Past and present, the two collide, converge and otherwise form the here and now in Reno, Nev.

The National Reined Cow Horse Snaffle Bit Futurity is my favorite show of the year. It combines, in suitable amity, the traditional ways of the vaqueros with the pragmatic efficiency practiced by today’s trainers. More so than any of the other big futurities, the reined cow horse sport puts a diverse, unforgiving demand on horse and rider. There are no shortcuts in developing a team that can successfully weave together the herd, reined and cow works. And, despite which horses are leading after the herd and reined works, no one knows who’s going to win until the exciting, totally unpredictable cow work has come to a close at the end of the day. The action is nonstop, the challenge amazing. There truly is no other event like the NRCHA Snaffle Bit Futurity, which runs through Oct. 5.


I’ve been covering the NRCHA Snaffle Bit Futurity for Quarter Horse News since 2000 – the year Ted Robinson catch-rode Shawn Renshaw’s Smokums Prize to the Open Championship. Renshaw had ridden the horse to the Open and Non-Pro finals, but an injury suffered while resetting a shoe on a horse kept the California non-pro from making the big runs on the final Sunday. As history would have it, Robinson came through – winning his sixth Snaffle Bit Futurity Championship. He now has seven.

Actually, I’ve been coming to this show for a lot longer than eight years.

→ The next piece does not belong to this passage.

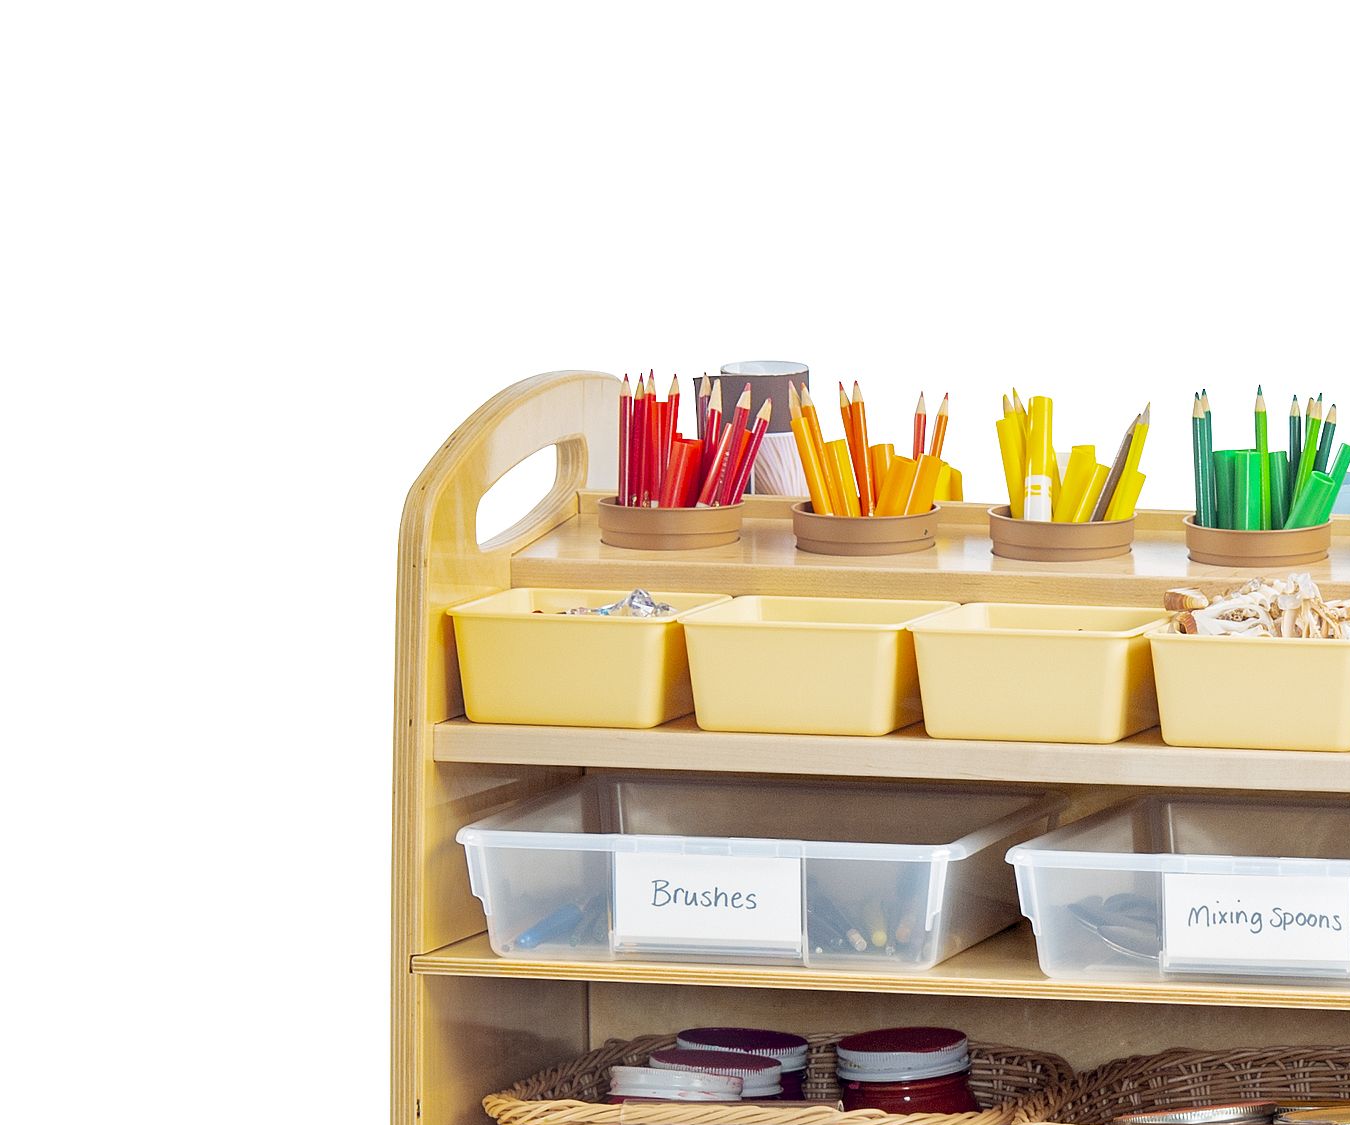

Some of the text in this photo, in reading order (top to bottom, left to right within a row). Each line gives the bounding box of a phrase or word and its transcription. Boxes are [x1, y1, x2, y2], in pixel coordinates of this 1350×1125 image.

[651, 879, 757, 910] Brushes
[1188, 899, 1342, 934] Mixing Spoons
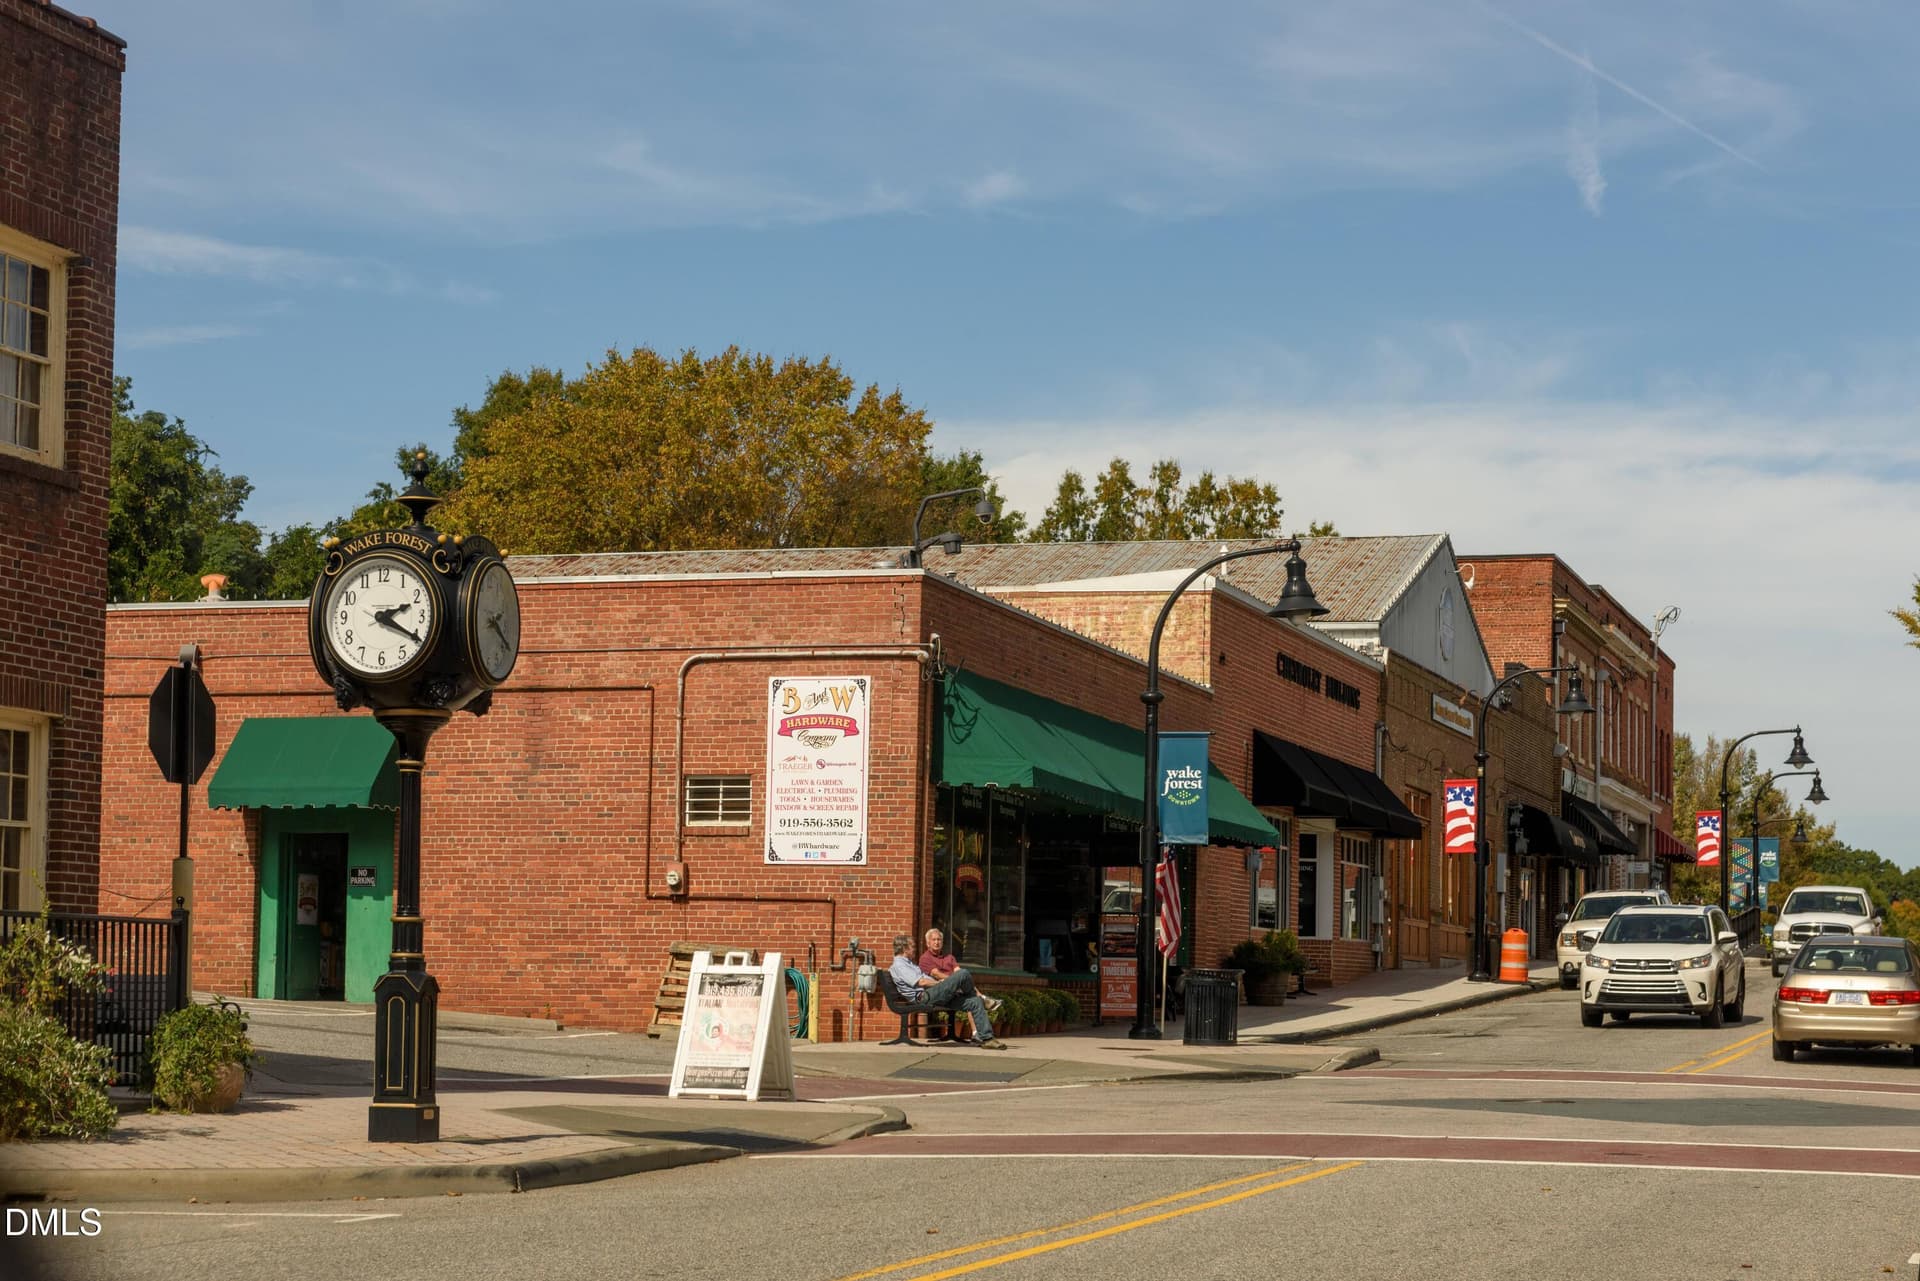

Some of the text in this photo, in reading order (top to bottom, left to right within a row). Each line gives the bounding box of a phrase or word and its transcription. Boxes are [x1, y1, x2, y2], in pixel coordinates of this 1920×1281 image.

Like so many of the Great Basin ranching families and buckaroos, this is the one event my mom and dad saved up for and attended every year. It was our vacation, our treat – the break before the fall gathering of cattle in the desert. Back then, the NRCHA Snaffle Bit Futurity was held in Reno-Sparks Convention Center on the south edge of town. It was out a ways from the hustle and lights of downtown Reno, with the Stagecoach restaurant being the only handy place to get a bite to eat. Ranches still lined Virginia Street and the traffic was light.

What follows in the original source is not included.